Paper presented at the DA/DSM DistribuTECH '98 Conference, Jan. 13-15, 1998 in Tampa, Florida

 

EMPOWERING CUSTOMER ENERGY CHOICES WITH THE WORLD WIDE WEB

David Trumble and Sandy Smith, Electrotek Concepts

 

In today's climate of deregulation, customer service takes on a new, more important role in an arena in which customers are expected to have more choices of energy providers and services. Proven DSM tools such as bill enhancements, residential audit services, and annual reports of weather-adjusted energy usage have an enhanced value in providing customer service via the Internet. The Internet, particularly the World Wide Web, makes possible the low-cost delivery of information and analytical services to residential energy customers. Analytical tools developed around the user interface and conventions of Web browsers minimize the learning curve associated with adopting new tools and technologies. Easy user access is possible with "Wizard"-type options for implementing these analytical tools based on a combination of decision rules and statistical modeling procedures. The result is that a customer's billing history may be analyzed in a detailed and automated fashion with a minimal number of user inputs to produce a useful and thorough instantaneous report. As additional customer information is provided, a more detailed analysis and accurate report is possible.

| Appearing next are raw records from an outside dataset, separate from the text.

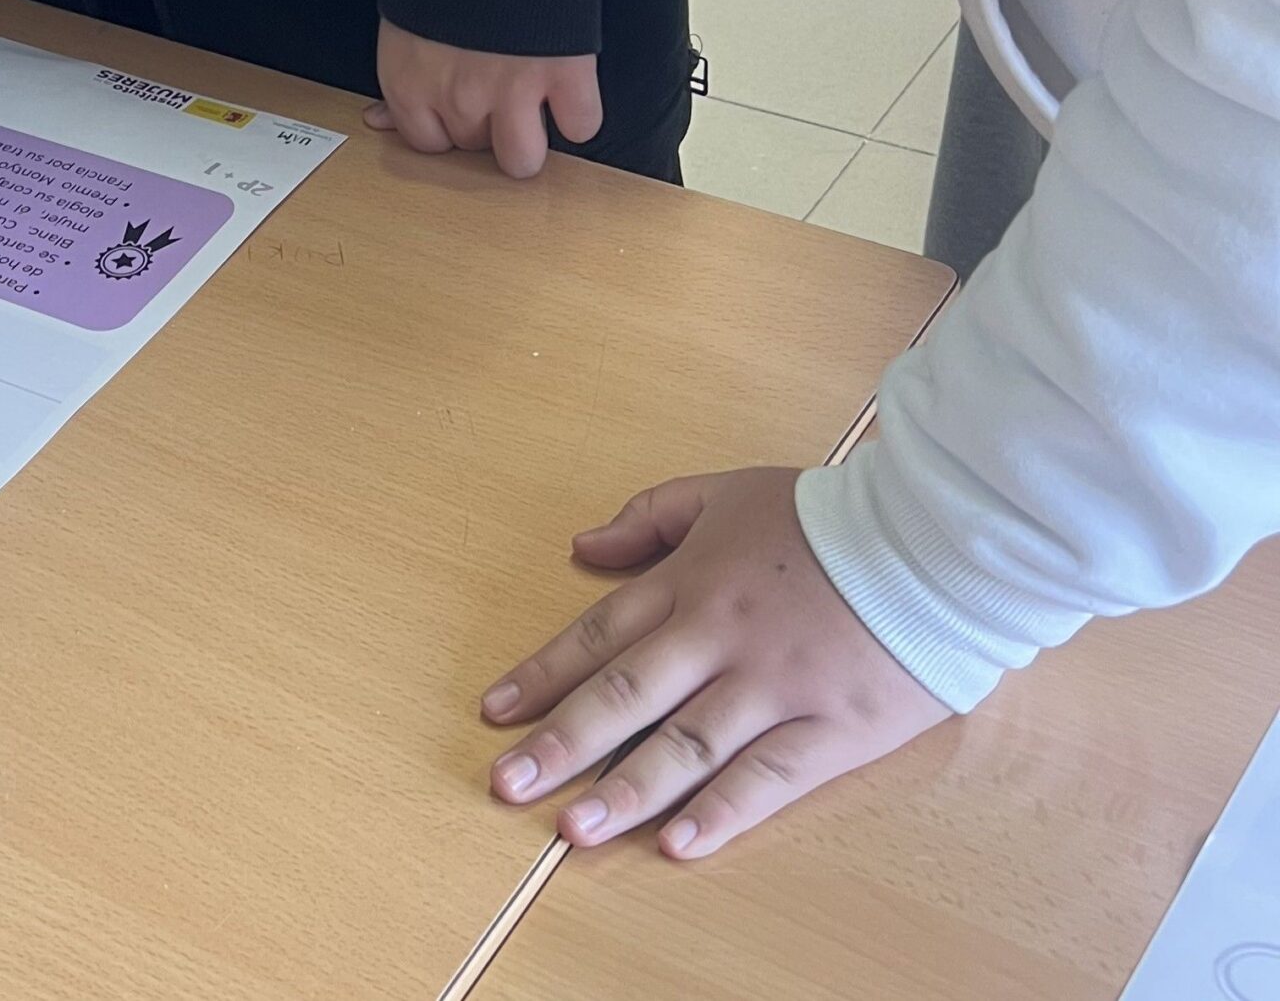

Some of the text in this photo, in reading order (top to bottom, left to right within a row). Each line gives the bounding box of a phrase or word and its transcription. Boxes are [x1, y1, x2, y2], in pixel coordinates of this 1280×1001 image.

[96, 69, 193, 103] MUJERES
[112, 83, 187, 109] Instituto
[24, 151, 45, 162] su
[44, 158, 76, 171] por
[74, 166, 133, 192] Francia
[33, 191, 55, 202] su
[60, 181, 119, 206] Premio
[12, 203, 31, 214] él
[55, 197, 104, 218] elogia
[39, 209, 90, 233] mujer,
[28, 225, 75, 249] Blanc.
[38, 250, 60, 263] Se
[21, 264, 44, 277] de
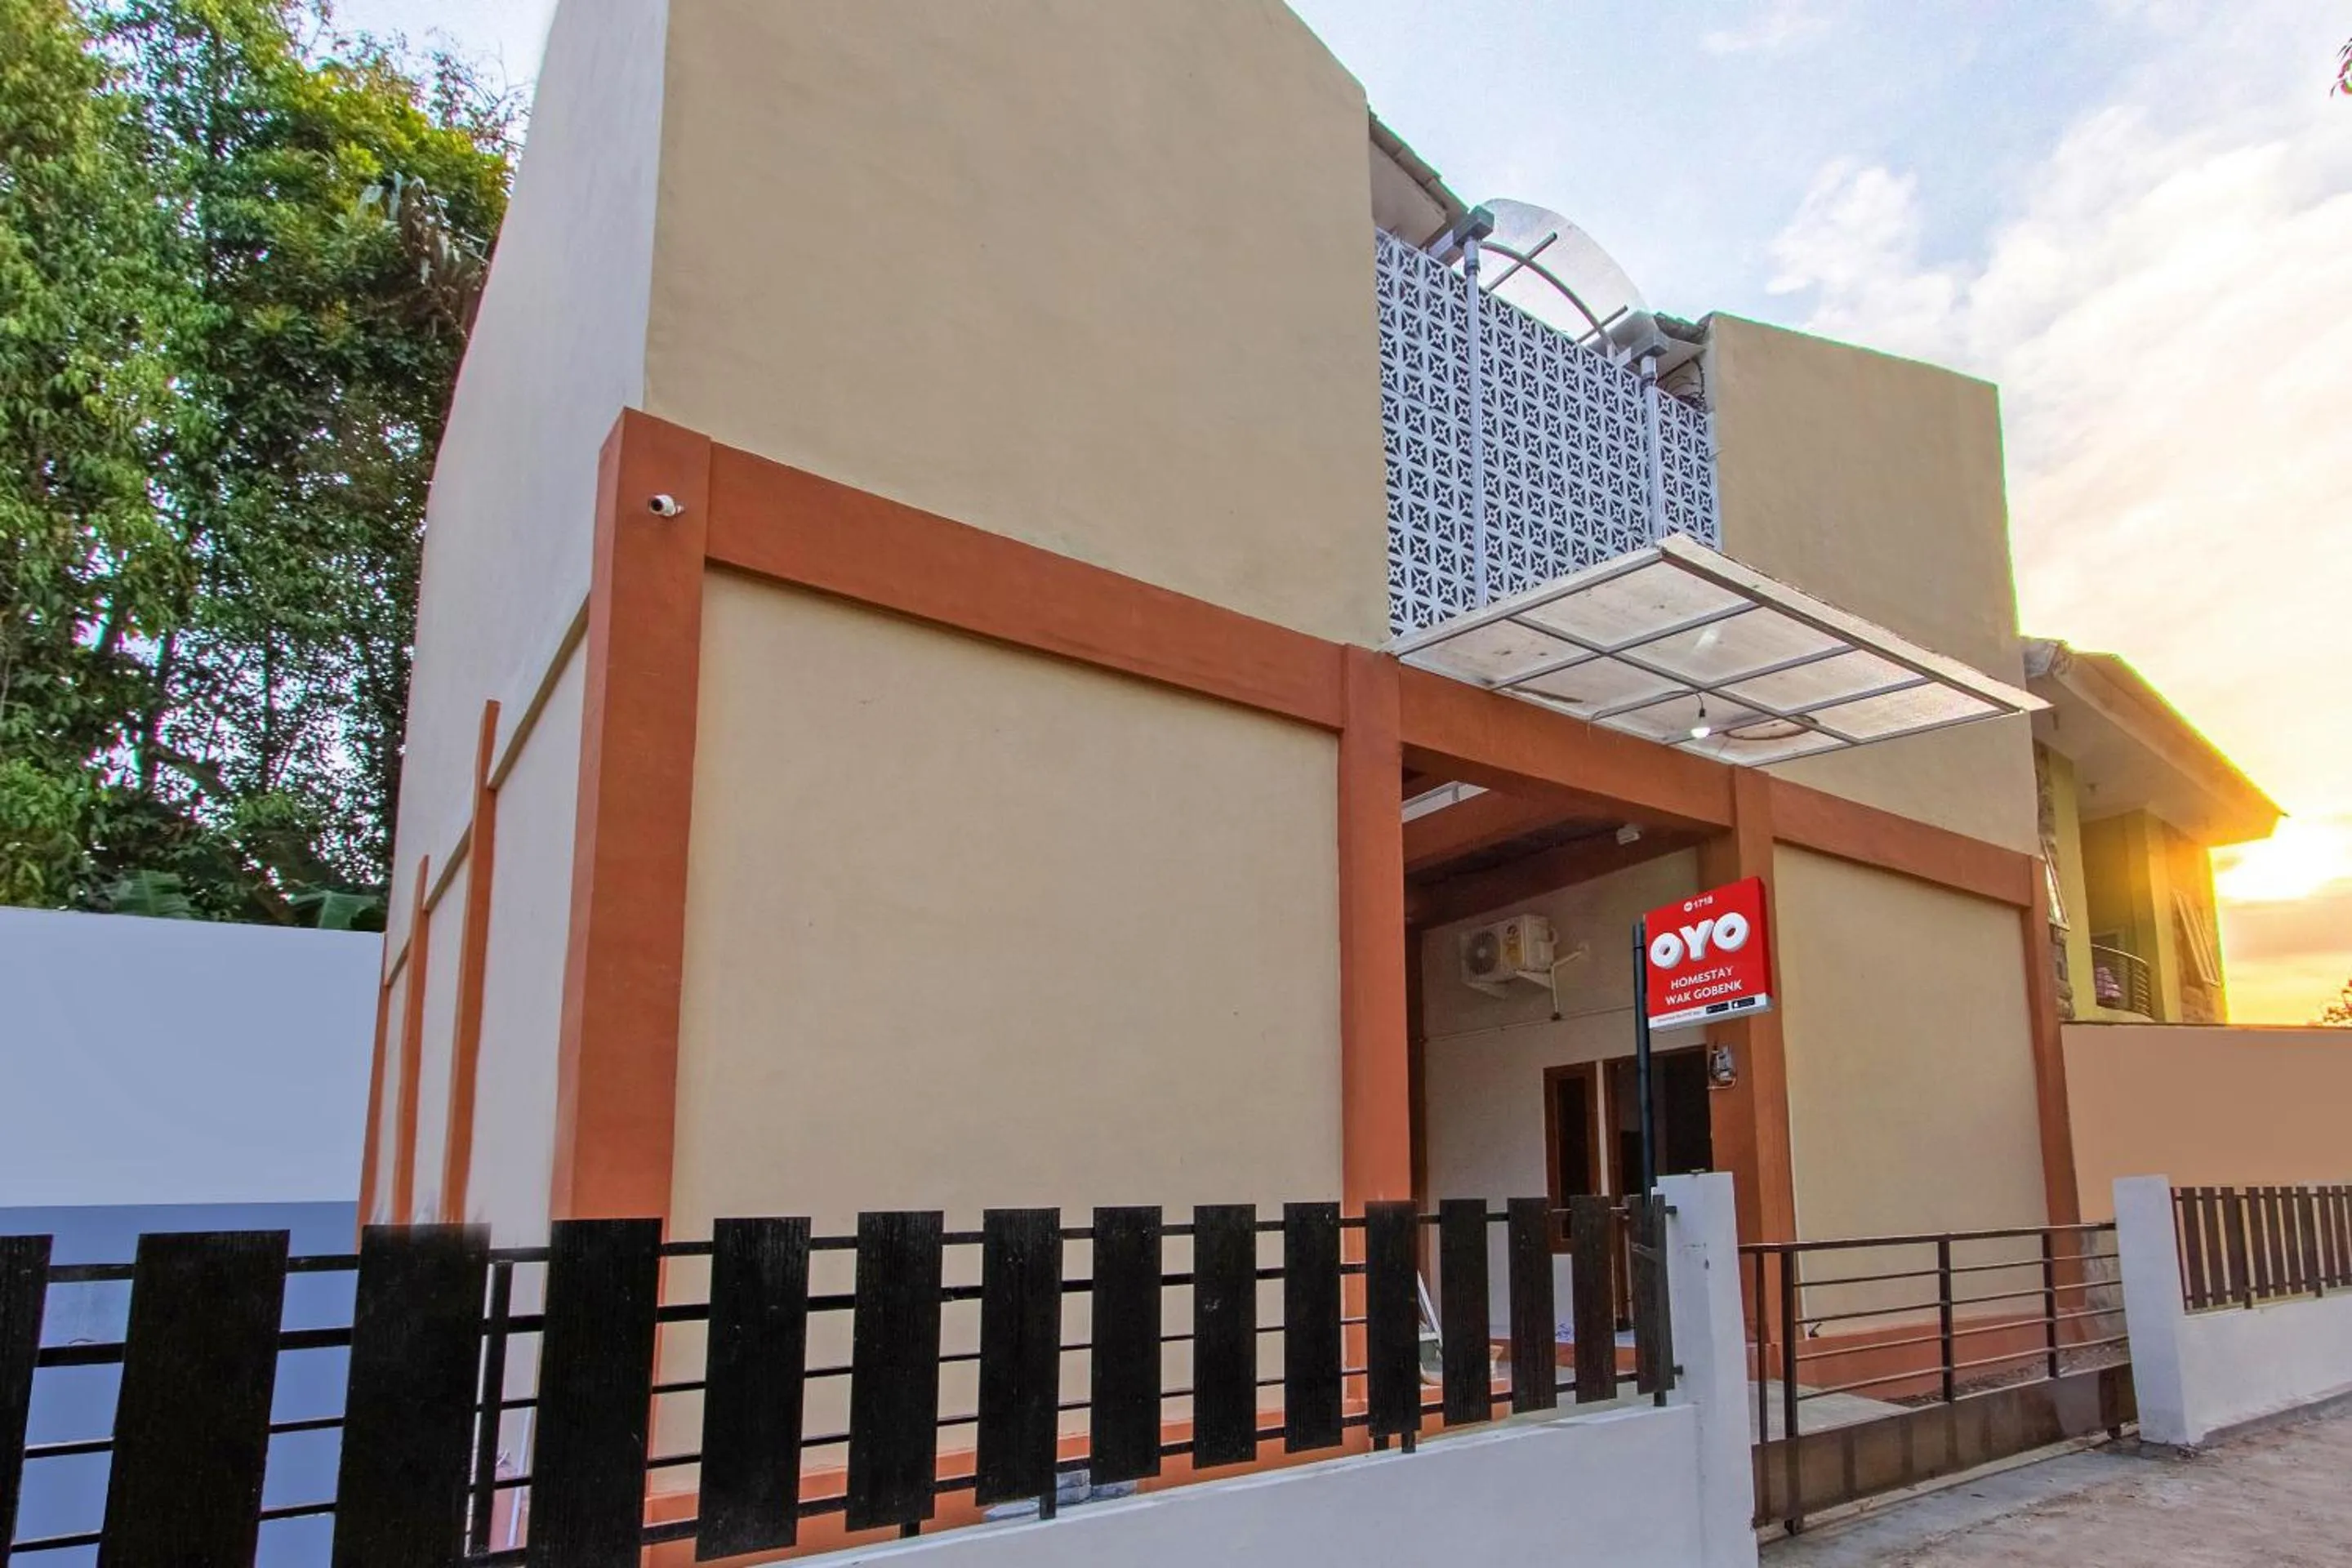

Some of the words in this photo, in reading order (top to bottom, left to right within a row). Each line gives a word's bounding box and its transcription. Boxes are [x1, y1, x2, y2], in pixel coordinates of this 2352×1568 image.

The first section of this paper makes the simple point that customers need better information and tools to make informed and effective energy decisions. Good energy decisions should save money and result in a more satisfied customer. The second section discusses the type of information that customers need and want to know to make effective energy decisions. The tools and methods used to produce this type of information are also discussed in this section. Good information and analytical tools are critically necessary for consumers to make informed decisions. The third section discusses the Internet technologies that enable a low-cost interactive distributed-computing approach instead of an expensive, capital-intensive one. A distributed-computing approach means that the analytical tools can be developed to provide the best answer possible without incurring the cost of providing additional server resources. Thus, investing in providing proven DSM tools using the new Internet technologies is likely to provide a low-cost means of helping consumers make effective energy decisions.

Customer Need for Better Information and Energy Usage Analysis Tools

Numerous energy-related studies have shown that customers need better information to make sound, informed energy decisions. Utility bill information does not give timely energy usage information nor does it break usage down by individual appliances or behavior. Evidence that a consumer's energy decisions are typically sub-optimal is provided by a variety of studies, which include aggregate economic studies, case studies of consumers, and evaluations of information-based DSM programs.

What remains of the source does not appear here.